◆ **Provided records**
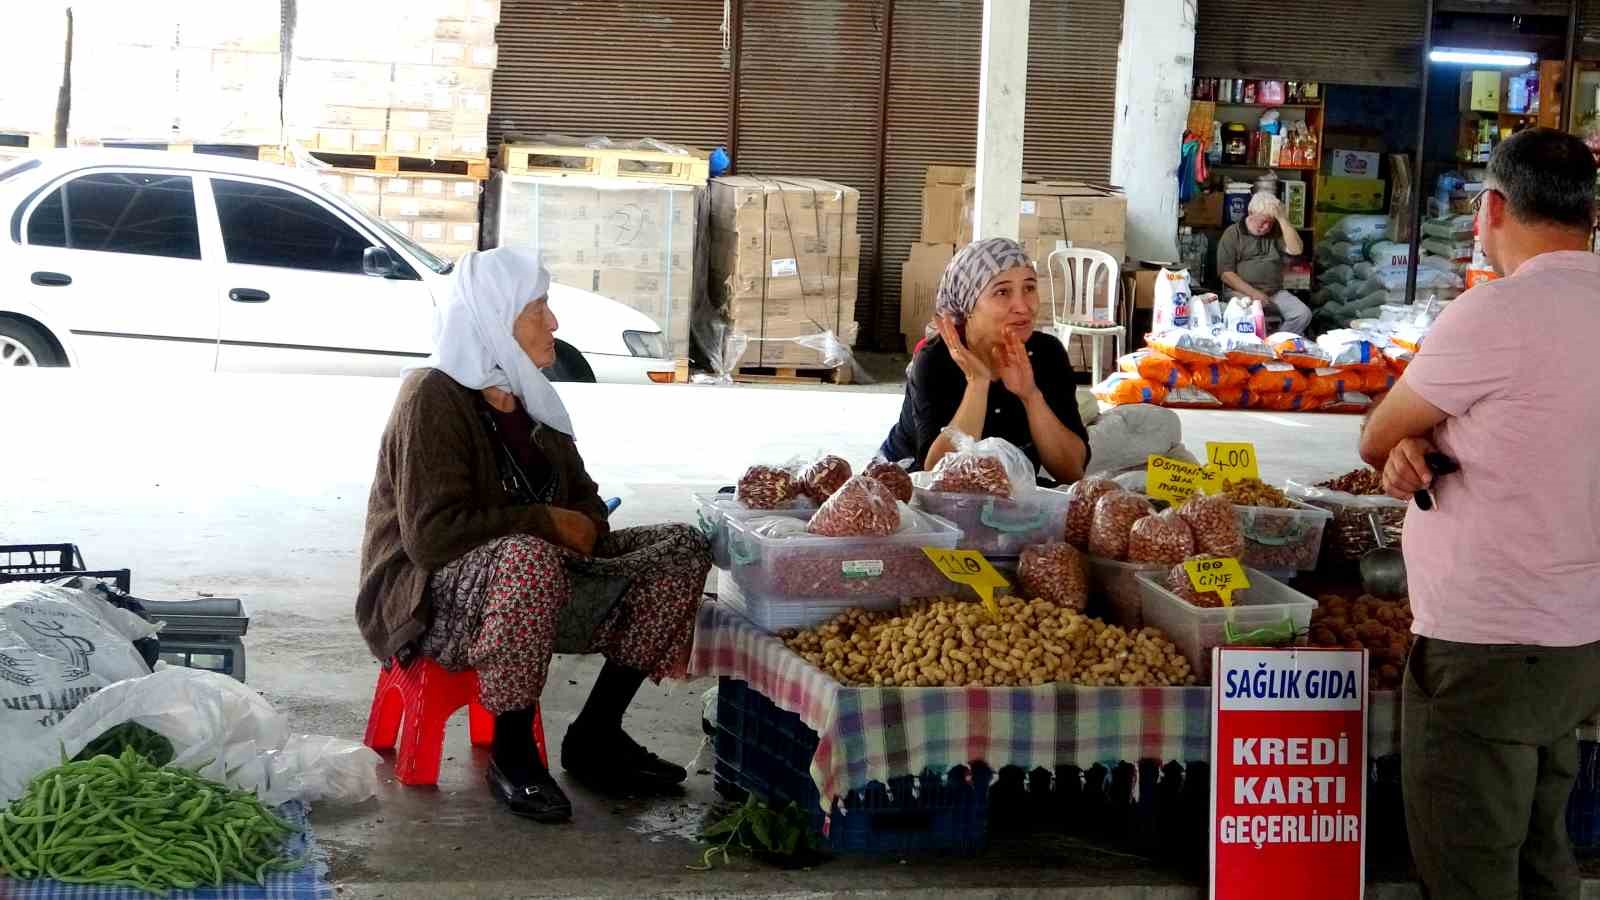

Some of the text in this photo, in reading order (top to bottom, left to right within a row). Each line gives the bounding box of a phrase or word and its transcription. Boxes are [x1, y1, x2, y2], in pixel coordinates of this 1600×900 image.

[1197, 561, 1223, 572] 100
[1225, 662, 1357, 699] SAĞLIK GIDA
[1232, 732, 1348, 766] KREDİ
[1234, 776, 1346, 804] KARTI
[1220, 809, 1360, 849] GEÇERLİDİR
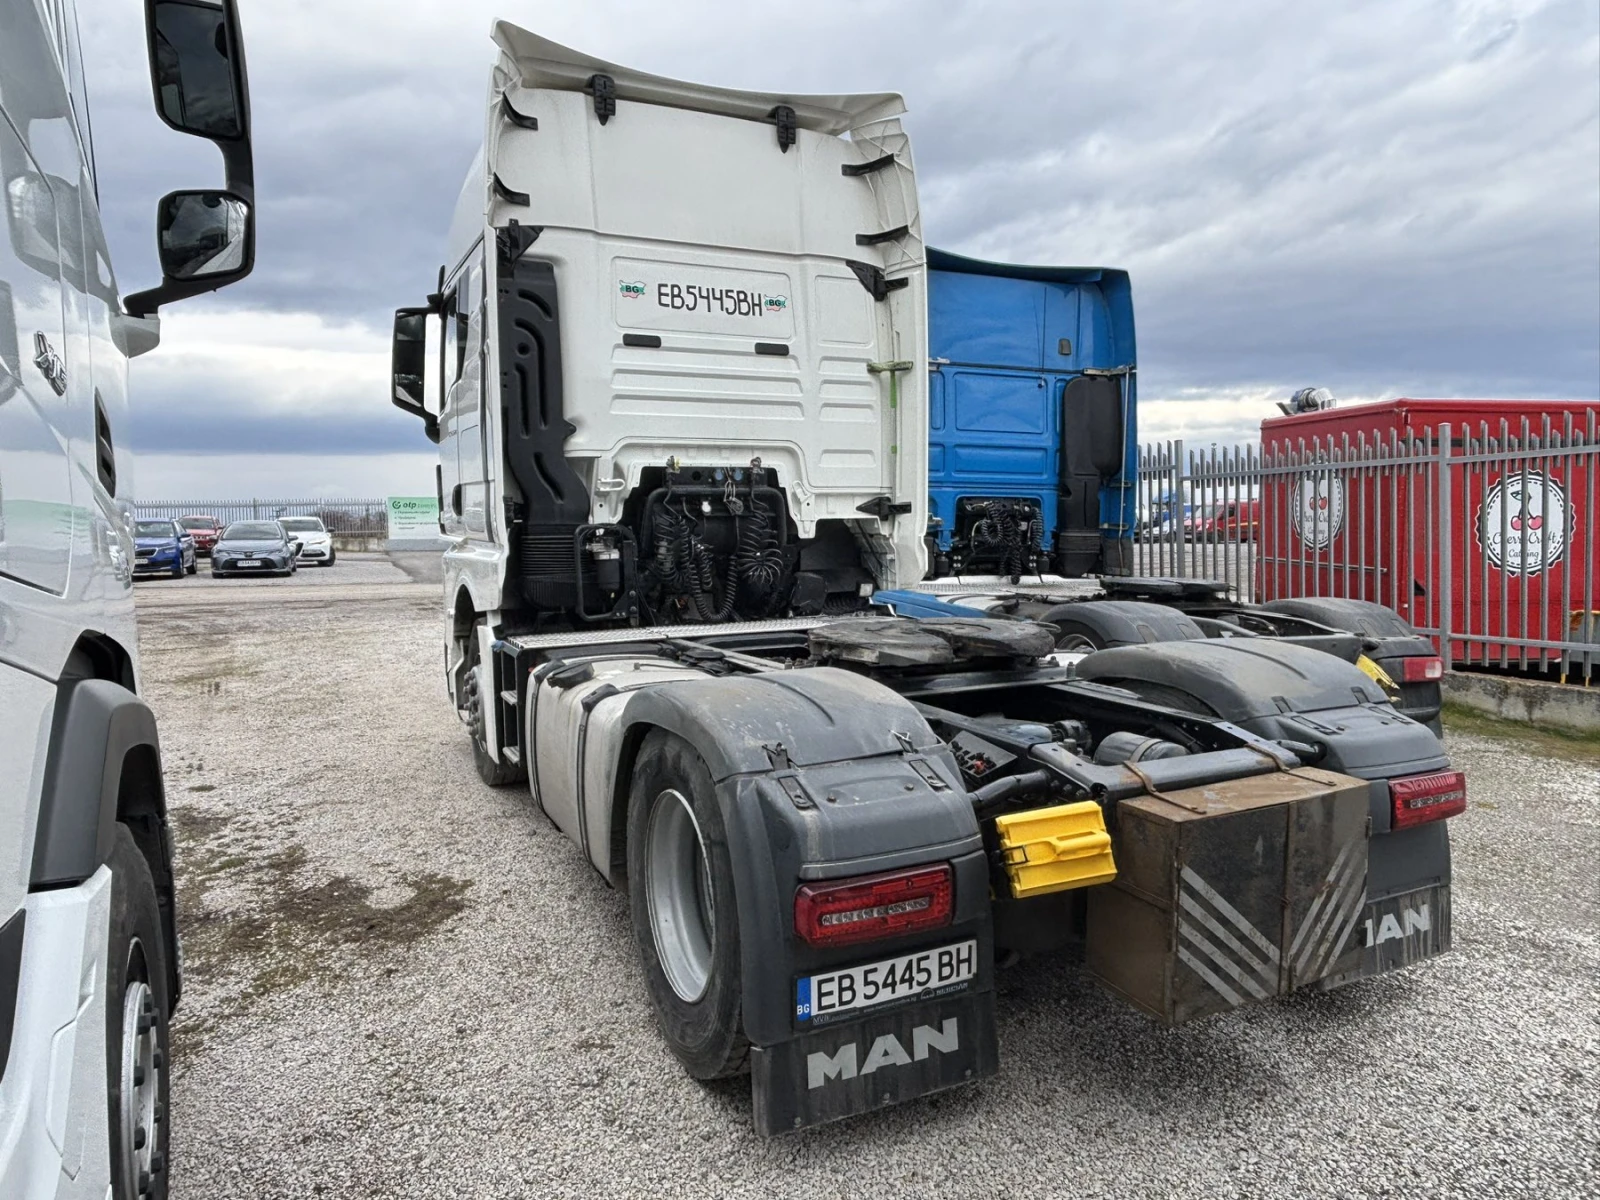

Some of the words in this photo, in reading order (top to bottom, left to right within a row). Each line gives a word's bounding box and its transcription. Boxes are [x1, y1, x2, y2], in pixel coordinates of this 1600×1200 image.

[625, 284, 640, 294] BG
[657, 283, 763, 317] EB5445BH
[768, 298, 782, 307] BG
[1528, 531, 1557, 545] Crft
[1508, 549, 1540, 561] Cating
[816, 973, 857, 1012] EB
[862, 954, 932, 1001] 5445
[937, 944, 973, 983] BH
[796, 1003, 810, 1015] BG
[807, 1016, 959, 1090] MAN
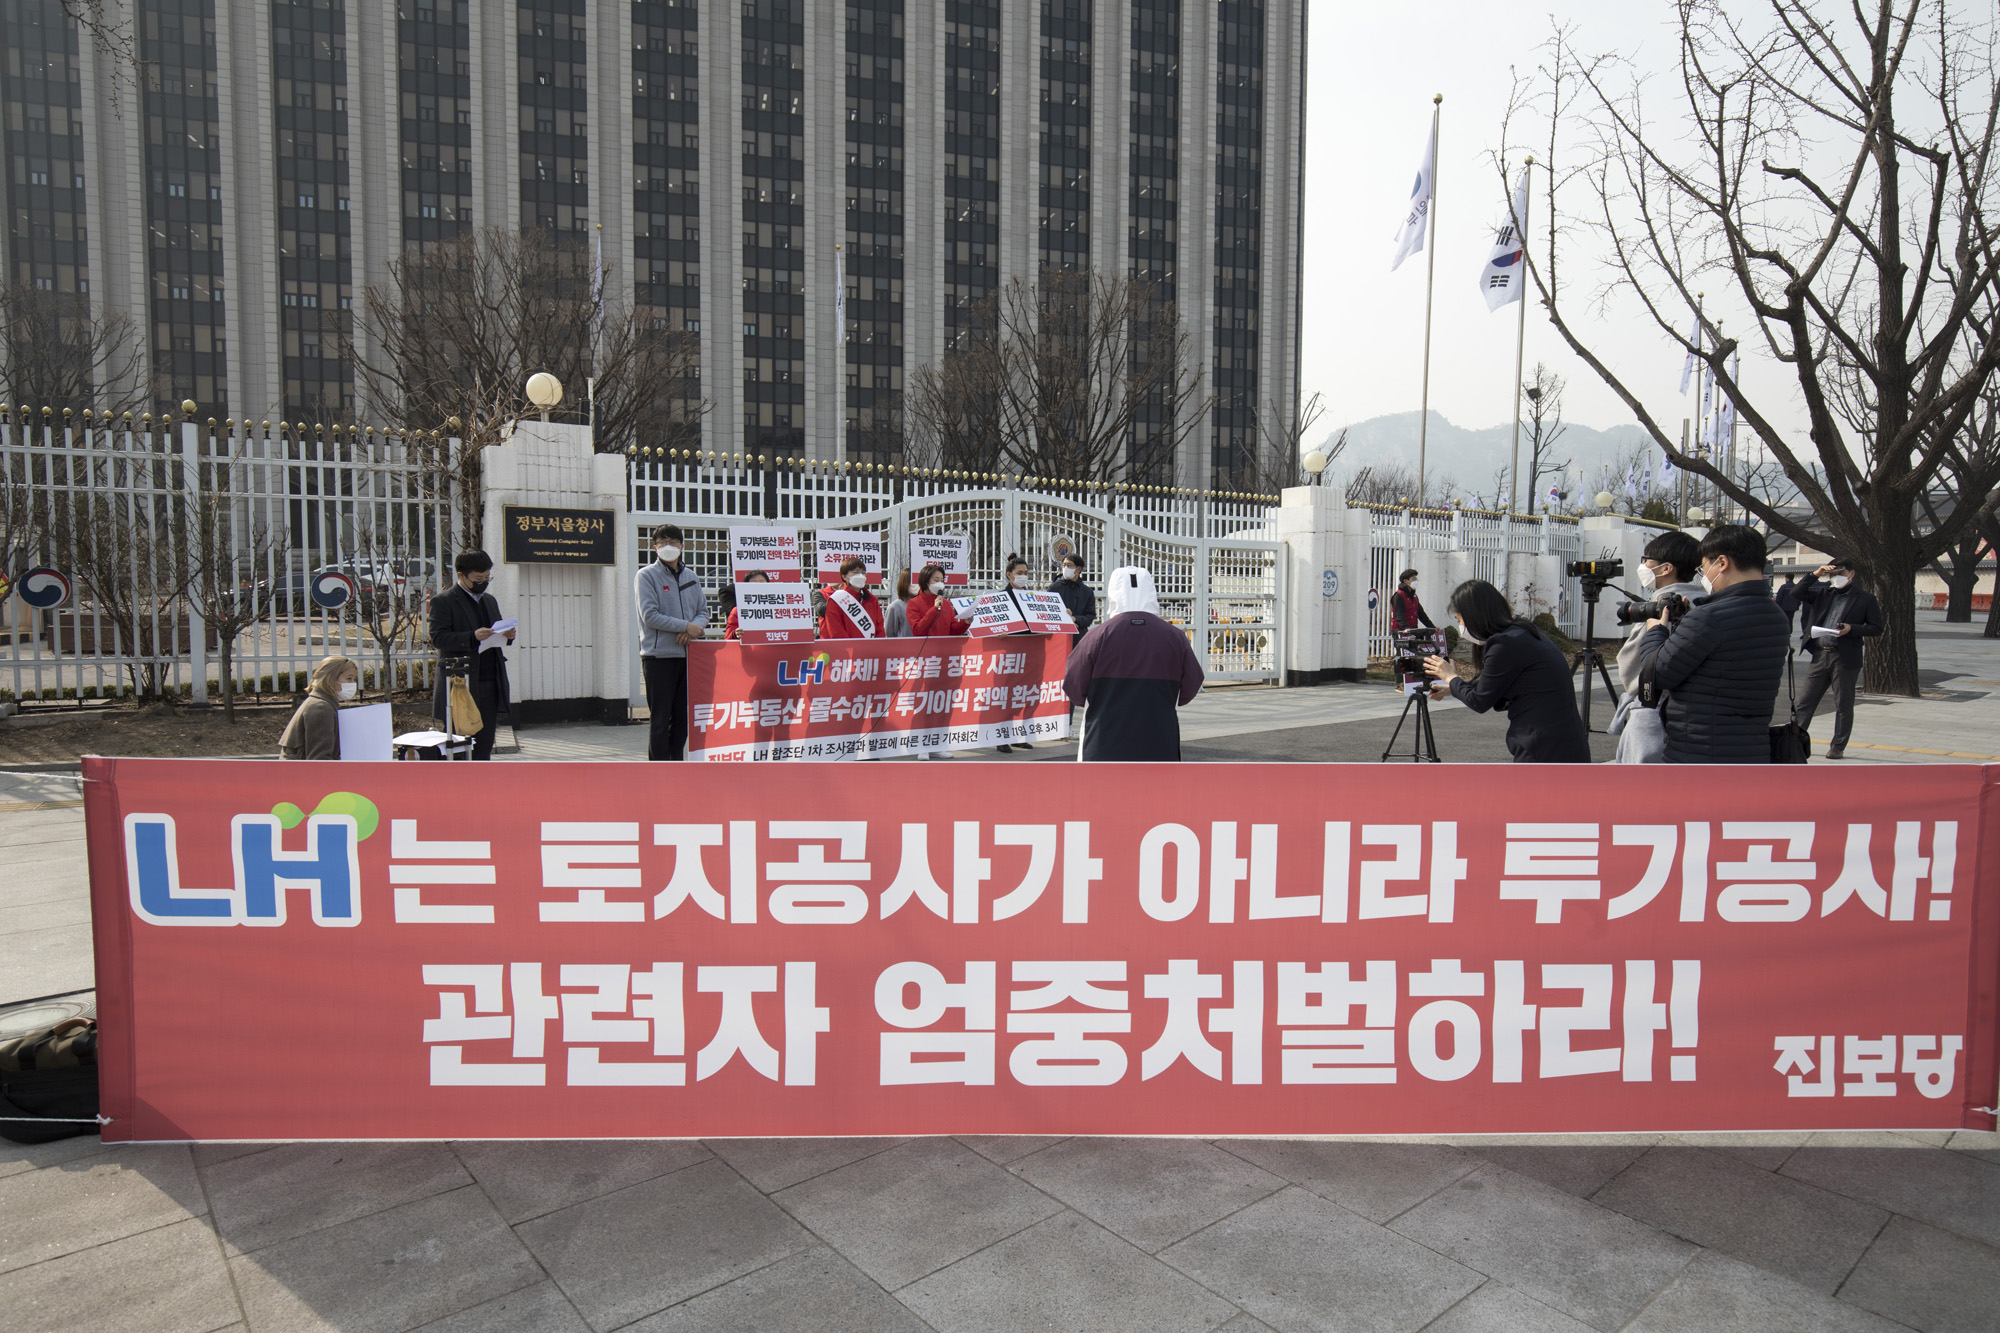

◆ **Directions**
Write out all the records exactly, omitting the images.

◆ **Result for this task**
Some of the text in this photo, in reading order (top to bottom, left to right within a row). Each line gives the bounding box of a phrase or word and its transcription. Boxes are [x1, y1, x2, y2], in pixel coordinates of this 1600×900 image.

[1197, 561, 1223, 572] 100
[1225, 662, 1357, 699] SAĞLIK GIDA
[1232, 732, 1348, 766] KREDİ
[1234, 776, 1346, 804] KARTI
[1220, 809, 1360, 849] GEÇERLİDİR

Some of the words in this photo, in reading order (top to bottom, left to right within a row). Each line gives a word's bounding box and its transcription. Boxes are [x1, y1, x2, y2], in pixel coordinates of this 1600×1200 image.

[625, 284, 640, 294] BG
[657, 283, 763, 317] EB5445BH
[768, 298, 782, 307] BG
[1528, 531, 1557, 545] Crft
[1508, 549, 1540, 561] Cating
[816, 973, 857, 1012] EB
[862, 954, 932, 1001] 5445
[937, 944, 973, 983] BH
[796, 1003, 810, 1015] BG
[807, 1016, 959, 1090] MAN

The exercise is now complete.